Saturday, May 10, 2008

snap type mouse and cage rat traps




this big cage trap found outside the sungei buloh wetland reserve reminded me of those kampong days when we used mouse and rat traps of get rid of these house pests. the mice were usually found within the house but the rats were usually outside, around the house.

i do not know if the spca was already in existence in singapore then but we certainly never heard of it in the 60s. thankfully, they also did not have any knowledge of our mistreatment of small animals like mice and rats. anyway, the society was, and still is, more interested in looking after pet animals, especially dogs, cats and rabbits.

when you had too many of these small animals around and they became a nuisance, you had no choice but to rid of them. so, there was no question of being kind to mice and rats. the extermination of these pests took many forms, most of which were quite cruel.

although both the mouse and rat belong to the same rodent family, they are quite different. a rat is not a big mouse; a mouse does not grow into a rat. the size difference is a major factor. a rat is more aggressive than a mouse. rats are much smarter than mice. a mouse will venture much further from its nest to find food or water.

a mouse is much smaller than a rat. in those days, we used different traps for mice and rats. to catch the smaller mice, we used the snap-type wooden mouse trap. in the case of catching rats, we used a large rat cage trap.

we are not ang mohs, so we did not use cheese to lure the mouse. instead, we used juihee (dried cuttle fish) or a small piece of cooked meat as bait. it was a rather inhumane way of trapping the mouse because when the 'jaws' snapped onto the mouse, it would usually die an instant death.

but, come to think of it, the mouse suffered a lot less than the rat, which would be alive when caught in the cage trap. compared to the way the rat met its death, the way the mouse went could be considered humane actually.

the trapped rat would be subjected to water torture to make sure it would no longer be a nuisance. the whole cage would be submerged in water, either in the drain or in some water container. another way was to give it the scalding water treatment. boiling hot water would be poured over the (poor) animal.

another cruel thing that people did in those days was the practice of eating live baby mice. eating the newly born mice, with the eyes still closed and without any fur on its body, was considered good for the constitution.

i have not seen anyone actually eating it but i heard they either wrapped the baby mouse in some preserved vegetable and then ate it or they swallowed it while having some wine or brandy to go with it.

(i think the cage in this picture is used to catch the straying monitor lizards)

5 comments:

Feng Run said...

I actually heard from a uncle about drowning a rat after trapping it in a cage.
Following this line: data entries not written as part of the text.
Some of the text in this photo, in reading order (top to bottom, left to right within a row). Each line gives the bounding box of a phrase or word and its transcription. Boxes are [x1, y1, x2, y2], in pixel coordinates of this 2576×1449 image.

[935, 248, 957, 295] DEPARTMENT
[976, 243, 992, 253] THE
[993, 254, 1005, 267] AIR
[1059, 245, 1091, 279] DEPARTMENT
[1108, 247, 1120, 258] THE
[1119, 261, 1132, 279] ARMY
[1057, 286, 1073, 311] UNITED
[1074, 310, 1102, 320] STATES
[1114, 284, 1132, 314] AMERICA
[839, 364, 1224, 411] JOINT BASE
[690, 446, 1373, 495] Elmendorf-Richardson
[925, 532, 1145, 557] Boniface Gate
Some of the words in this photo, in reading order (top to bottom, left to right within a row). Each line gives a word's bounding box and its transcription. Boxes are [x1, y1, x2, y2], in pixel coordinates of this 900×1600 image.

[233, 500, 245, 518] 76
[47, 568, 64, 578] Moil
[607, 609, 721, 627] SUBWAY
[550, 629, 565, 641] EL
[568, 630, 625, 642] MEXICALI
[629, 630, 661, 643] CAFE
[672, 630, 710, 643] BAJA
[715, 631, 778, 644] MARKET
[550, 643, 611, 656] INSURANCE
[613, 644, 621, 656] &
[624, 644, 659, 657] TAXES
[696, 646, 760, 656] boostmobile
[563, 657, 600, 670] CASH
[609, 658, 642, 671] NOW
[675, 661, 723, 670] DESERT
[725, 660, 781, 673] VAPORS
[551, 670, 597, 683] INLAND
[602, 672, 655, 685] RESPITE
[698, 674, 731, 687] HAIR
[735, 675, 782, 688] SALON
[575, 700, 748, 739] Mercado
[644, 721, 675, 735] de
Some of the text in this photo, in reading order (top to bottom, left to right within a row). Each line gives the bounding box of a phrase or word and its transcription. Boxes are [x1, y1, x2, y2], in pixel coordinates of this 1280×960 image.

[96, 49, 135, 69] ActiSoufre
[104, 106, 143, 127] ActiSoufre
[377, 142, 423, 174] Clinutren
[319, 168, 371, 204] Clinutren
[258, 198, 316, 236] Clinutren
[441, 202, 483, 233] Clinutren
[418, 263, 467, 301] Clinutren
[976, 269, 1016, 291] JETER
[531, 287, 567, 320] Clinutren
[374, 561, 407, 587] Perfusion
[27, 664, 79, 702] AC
Looks like it was common then but I thought it was rather cruel

Victor said...

I heard of an even more torturous and inhumane way to kill the rat then, i.e. douse it with kerosene/petrol, set it on fire and then setting it free to run for its life, probably for the very last time. This method was surely not practised in a kampung as it might just burn the whole village down.

peter said...

yg, what is your email? i like the photo of the jewish cemetry at Thomson Road - can share or not?

yg said...

feng run, what your uncle told you is true; i had seen it with my own eyes.

victor, i believe people then were capable of doing such a thing and getting away with it.

peter, my email address is: ivyidaong2000@yahoo.com.sg.

Lam Chun See said...

I remember we used a piece of 'jiu he' (squid) as bait. Can remember how we disposed of the rat; which is a good thing actually. But, I think just the presence of a cat in the house tended to reduce the appearance of the rats.